While I may not have adopted and watched Lost I have bought all the DVD sets and will buy the 6th season as well. I do this so I can watch the show once it is done using my own timetable and also giving it the attention it deserve. Some would say that the show will have lost some of it’s mystery since people have been talking about it to me or I have read thing about it on the internet. To be honest I have a knack for tuning out such things if I have to. All I know about the show is that people on a plane crashed on an island with a polar bear and a smoke monster. So yeah, the show hasn’t been spoiled for me.

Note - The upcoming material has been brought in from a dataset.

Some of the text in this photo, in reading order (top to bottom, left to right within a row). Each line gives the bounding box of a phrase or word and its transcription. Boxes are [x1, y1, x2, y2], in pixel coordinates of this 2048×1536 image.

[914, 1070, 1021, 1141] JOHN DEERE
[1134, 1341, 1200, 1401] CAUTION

Now, with this 6th season about to begin I can see the anticipation building amongst people I know who literally love this show. It is all they can talk about. It is this kind of devotion I wish other shows whose run ended too soon would’ve gotten (Terminator: The Sarah Connor Chronicles, Dollhouse, Firefly, Jericho and many more). I haven’t seen this kind of devotion to a TV show by so many people since Chris Carter’s The X-Files. That was another show which gradually became a pop culture sensation after the first season and just kept building and building until it reached its final season.

I see many similarities between the two shows. Both have labyrinthine mythologies which comprise the bulk of its main story. Both shows have a small core of characters whose motivations are clear but everyone else around them steeped in mystery. Pop culturally both shows have ingrained themselves in the mass audience’s TV watching habits. Both shows have been well-written with some of the best characters on TV of the this generation.

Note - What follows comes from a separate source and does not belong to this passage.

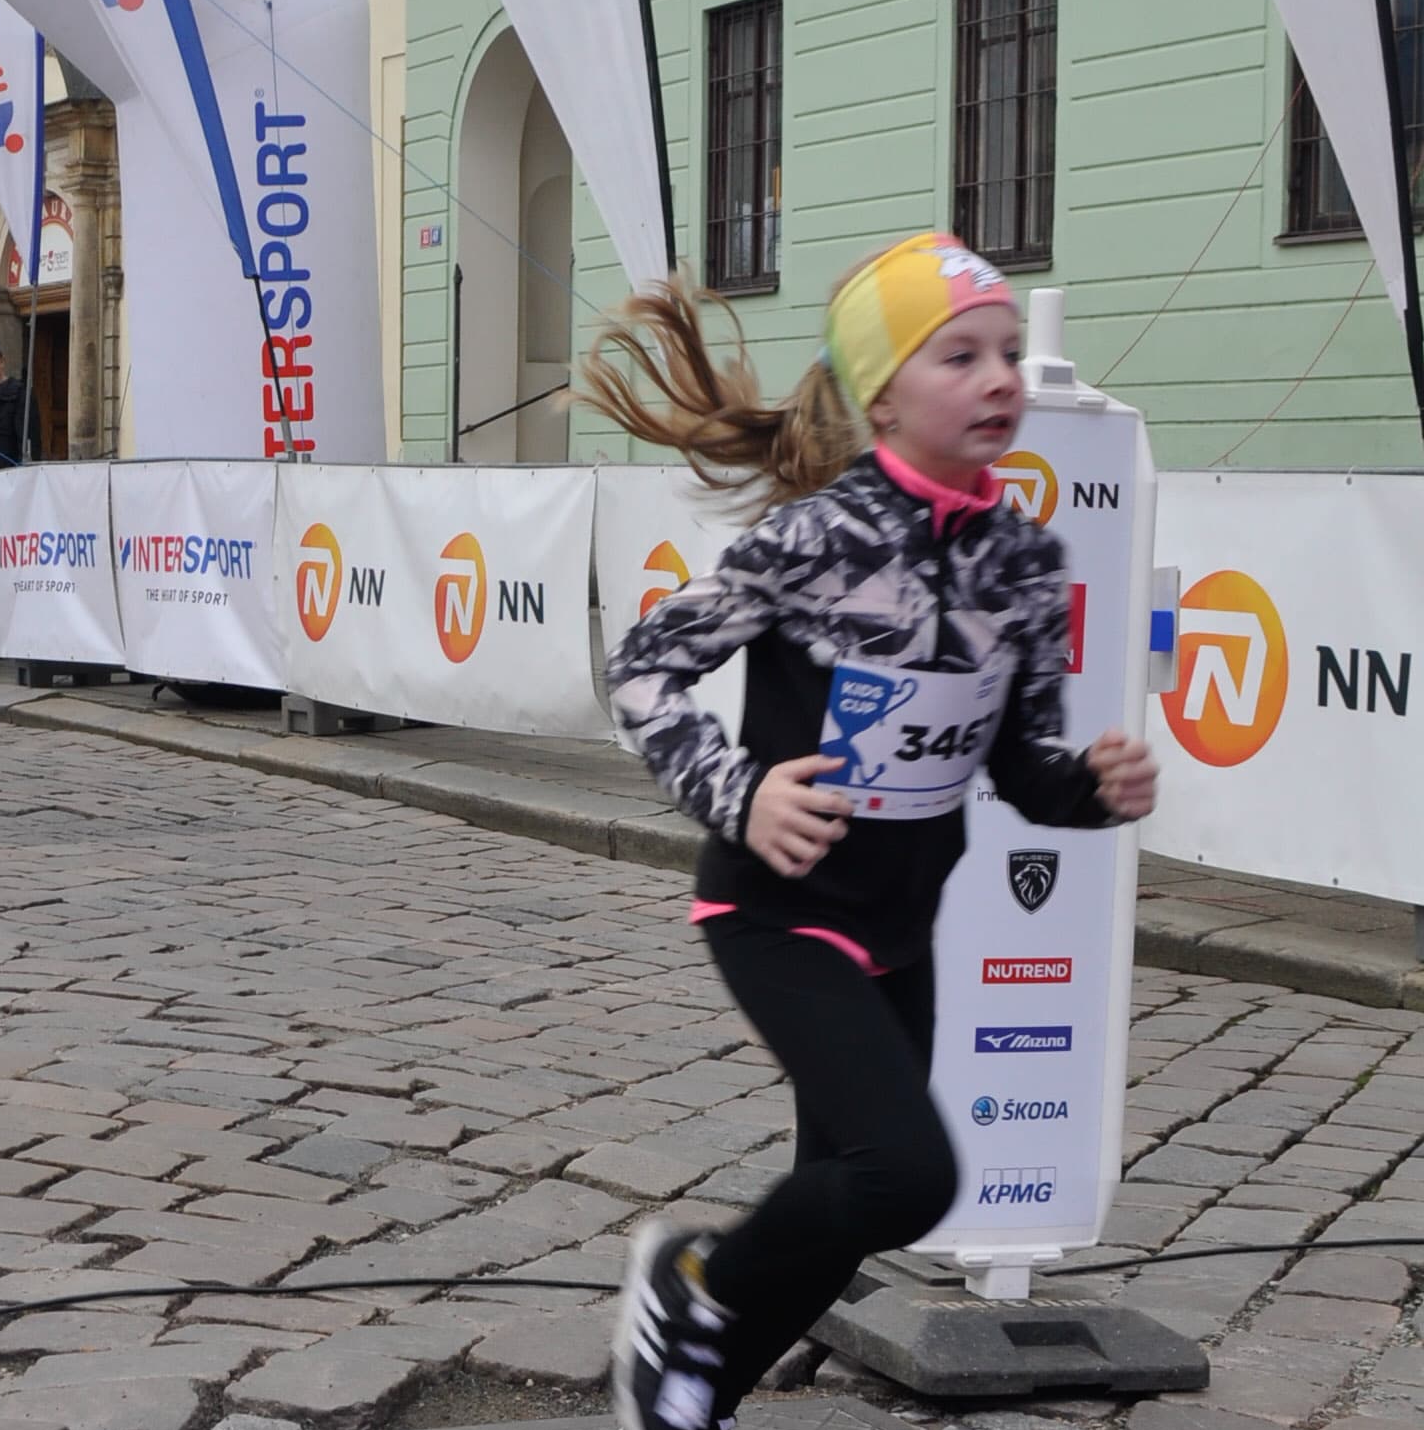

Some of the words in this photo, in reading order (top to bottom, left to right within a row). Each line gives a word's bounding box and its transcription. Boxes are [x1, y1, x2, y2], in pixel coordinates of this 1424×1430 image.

With this final season of Lost I bring up one thing that may distinguish it from Carter’s long-running serialized show. J.J. Abram’s show has a chance to go out swimmingly. It has a chance to deliver on it’s legions of fan expectations. Many are already expecting this final season to be the best of the whole series and will want nothing less than a “big bang” of a series finale. While I think it would be great if Lost went out with a bang and not a whimper the way The X-Files did in its final season, I still caution people to temper their excitement and expectations. A show with this much hype throughout its time on TV almost seemed destined to underwhelm and disappoint a large portion of it’s fans. I use the series finale of Battlestar Galactica as a prime example.

That show from Ron D. Moore was another show which built a loyal and fanatical fanbase with its complex storyline which reached an almost religious myth level. When the finale finally aired there were equal amounts of satisfaction and major disappointment. The ending of that show, for some, just didn’t satisfy their expectations and certainly left questions unanswered.

Will Lost avoid this pitfall? Only the next couple months will answer that question and for Abrams’ and his team of writers they better hope that the ending they have for the show will not sink the series in the end, but let it swim into TV legend.